As I've been roaming the web I've noticed that a lot tall women (5'8" +) seem to have a problem with dating men shorter than themselves ( actually I think women of all heights seem to have this problem!)
Now I bet you're thinking "This guy's probably a short arse 5'3" munchkin that's just jealous of taller men and women!"
Well you're wrong! I'm 5'10" ( that's the average male height across the world! ) and I have had a girlfriend that was 6' tall (what a pair of legs!) At first she was a little bit iffy about dating someone smaller than her but she came around eventually and she's no longer care's about the the height of any of her dates anymore!
Unfortunately women like her are few and far between. Despite all the talk of modern day women being "strong, confident and know what's she wants" deep down they are still shallow superficial cavemen bitches who can't use their god (or nature) given brain to see past the bullshit evolution and social upbringings have installed in them!
They still use vacuous and foolish statements like:
- "I feel more feminine if a guy's taller than me."
- "I feel protected when the guy is taller than me."
- "Tall men are more masculine."
- "Short men have Napoleon Complexes!"
- "It's just embarrassing dating a guy shorter than you! All my (shallow) friends would disapprove!"
- I want to wear my high heels when I'm with my man!
- I feel like a cradle snatcher when I'm with a short man!
The more I hear these arguments the more sexist I become. I understand that everyone has their preferences but remember we should not limit ourselves to them!
I tend to find that women are far more inflexible when it comes to dating then men are! I keep hearing tall women say it's hard finding man but it's usually the tall women themselves that limit their choices to men taller than they are.
Many say that the reason why women are attracted to tall men or men taller than themselves is because of evolution. The taller the man the stronger he is. Many scientists theorise that tall men being physically stronger they could better defend themselves and over people from predators and rivals in the days of when human beings were hunter-gatherers!

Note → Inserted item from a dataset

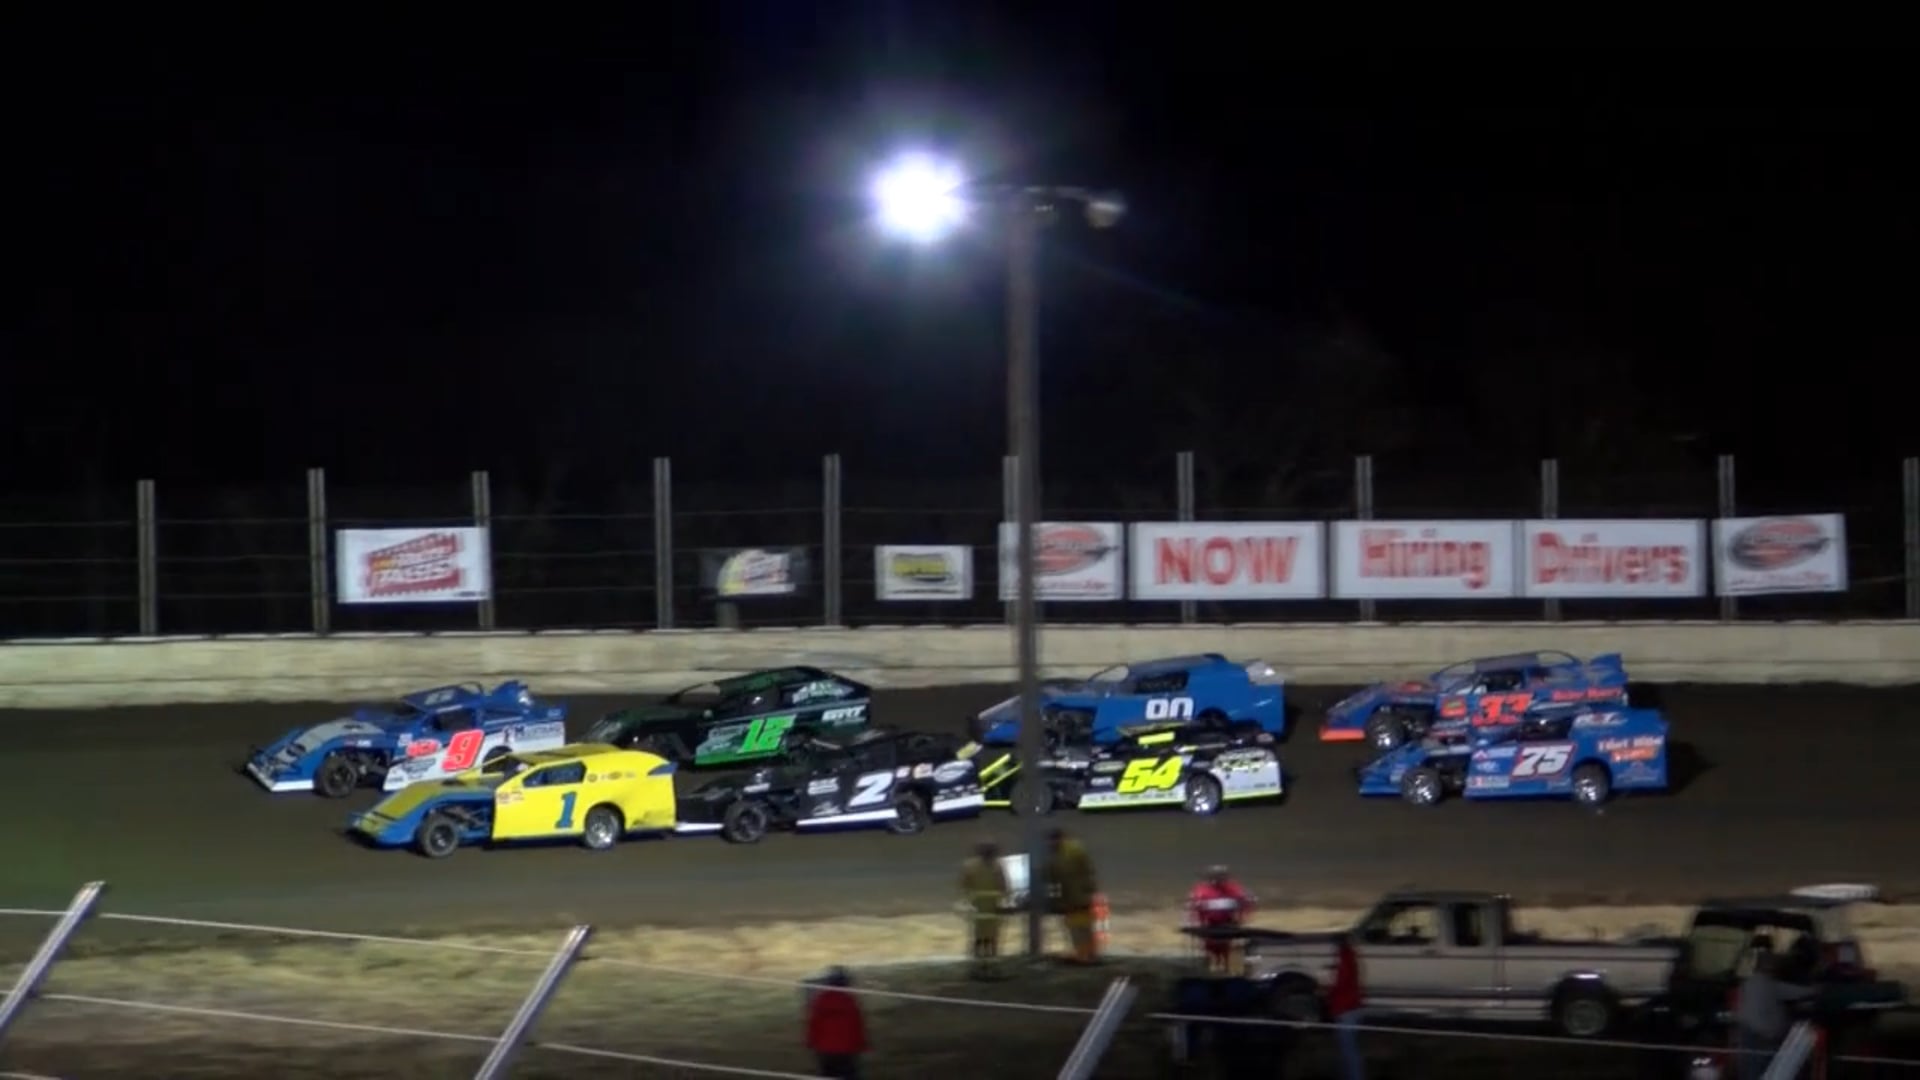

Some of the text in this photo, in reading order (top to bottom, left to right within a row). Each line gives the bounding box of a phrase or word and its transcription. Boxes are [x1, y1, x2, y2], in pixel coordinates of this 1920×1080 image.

While I don't dispute that the taller men tend to be physically stronger! I and many other people dispute the fact that being tall means being a better protector or even that being tall is actually evolutionary advantageous in hunter-gatherer times and societies! Think about it? Hunting requires stealth being big usually hinders stealth. Also smaller people tend to be quicker, more dexterious and have better use of their bodies (technique) than larger men. This is important for a number of different reasons but I digress.
The excuse that really gets my goat is the "protection and secure" statement that women use to justify why they only date men taller than themselves. It reeks of insecurity and ignorance. Yet these "strong, confident and intelligent" modern day women see nothing wrong with this statement.

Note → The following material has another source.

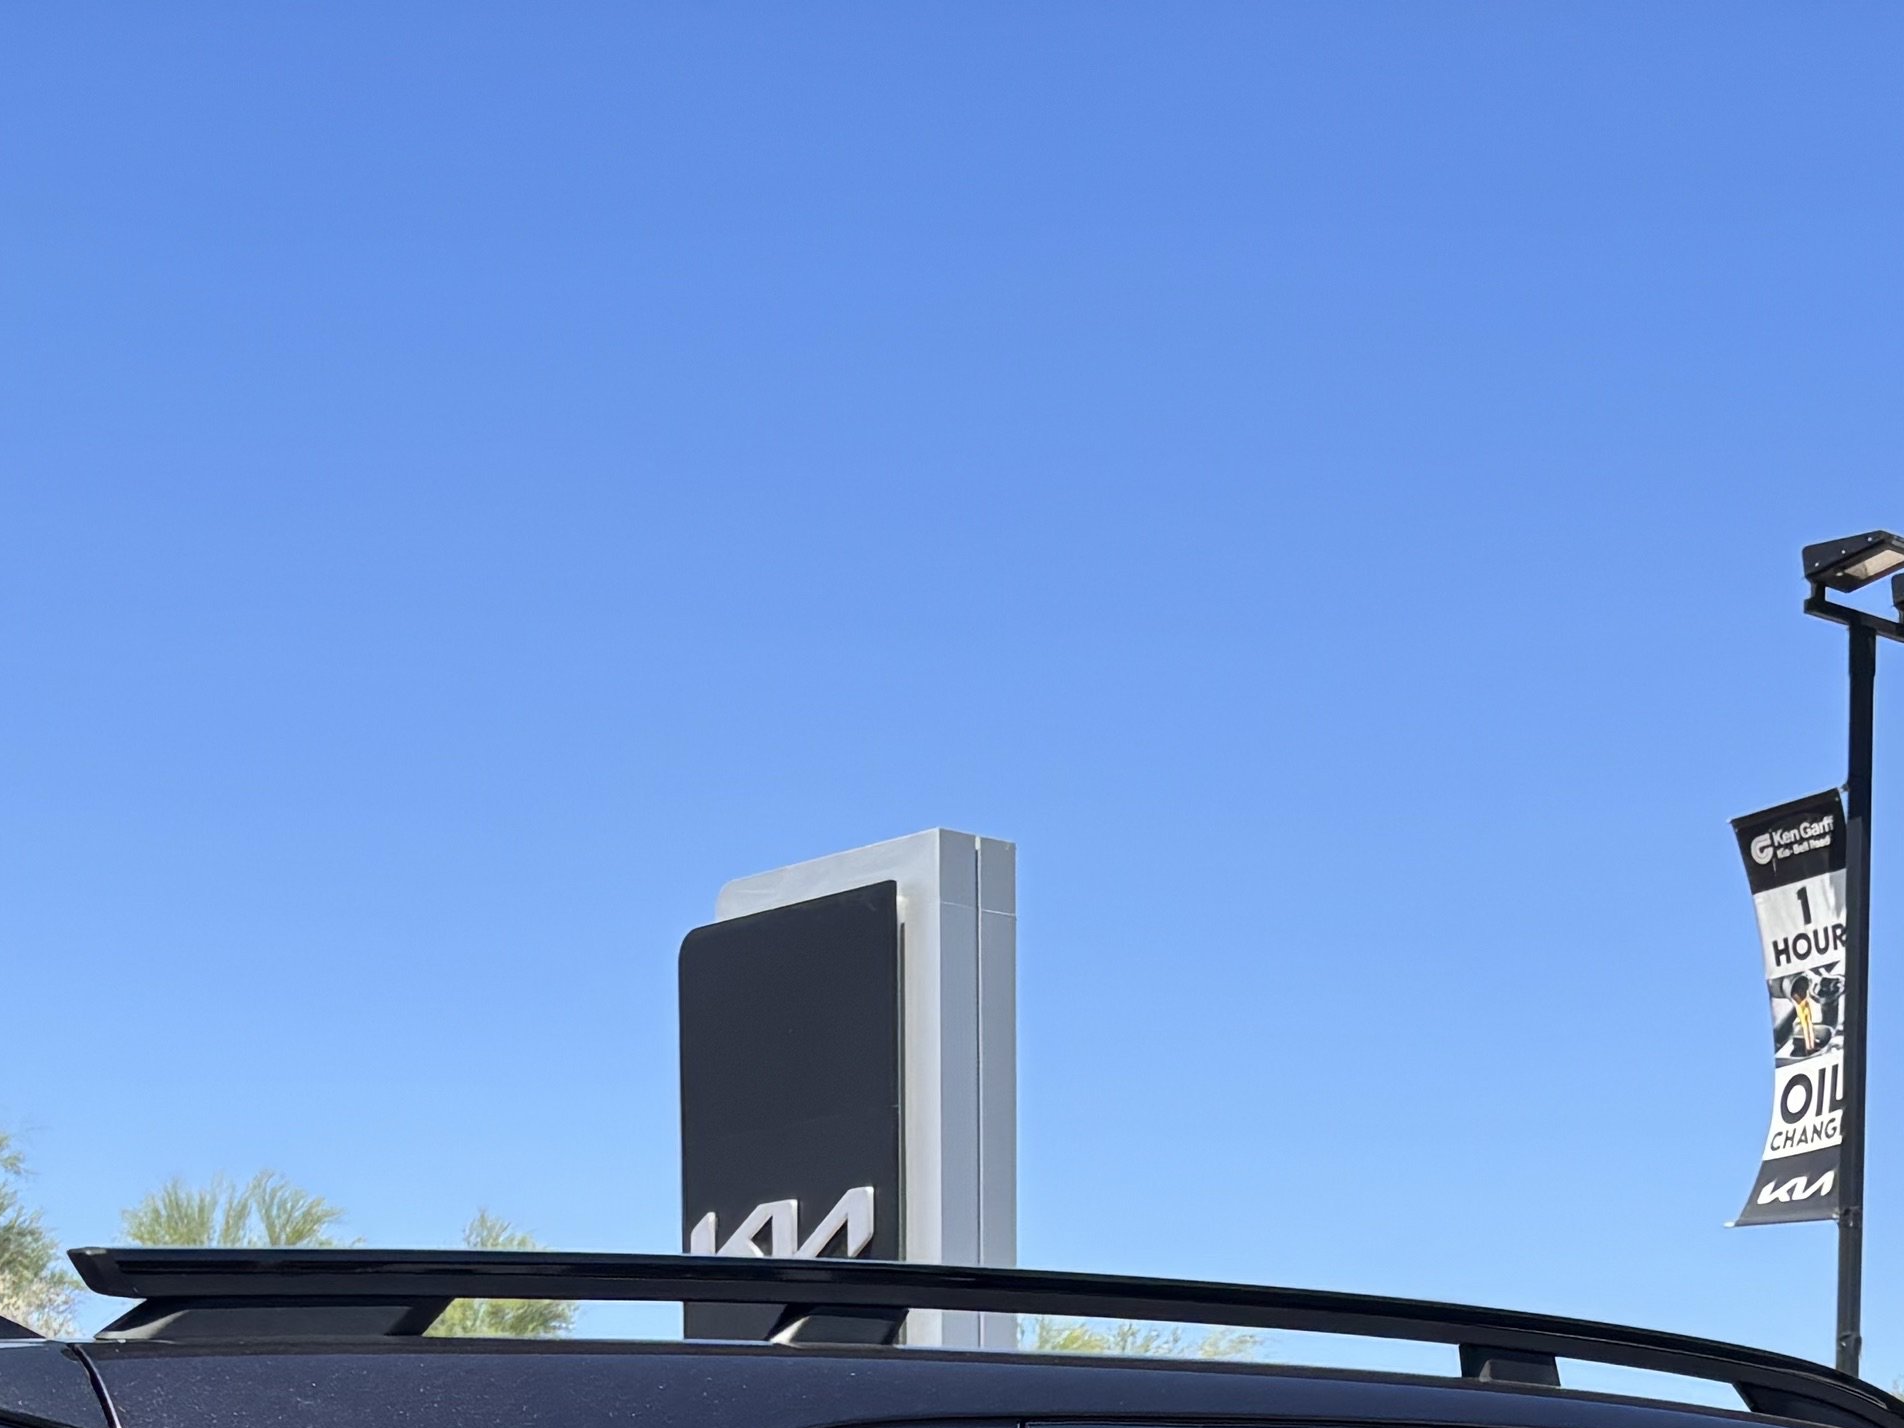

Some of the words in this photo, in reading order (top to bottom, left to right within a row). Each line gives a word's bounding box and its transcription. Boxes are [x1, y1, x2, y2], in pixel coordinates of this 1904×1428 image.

Usually it's young women (aged betwen 18 -35 years old) that mainly discriminate against dating short men or men shorter than themselves! When women get to about 40 years old they become a lot more secure of themselves and less superficial about their choices in life. Mainly because they know that they're past it and they're not as attractive as they once were.
My advice to young women of today is don't limit yourself to something as stupid as height when it comes to dating. A tall man is no more a better "protector" than an average height man or a short man! Stop buying into bullshit like things "Mr Right" and "Soulmates"! Don't always go with what "evolution" tell us is right or good! You have a brain ladies, use it to pic apart the nonsense of evolutionary and social crap (because your preference for taller men is mostly social not evolutionary!)
Remember this more importantly just because you "feel" more protected with a man that's taller than you, doesn't mean that you are protected!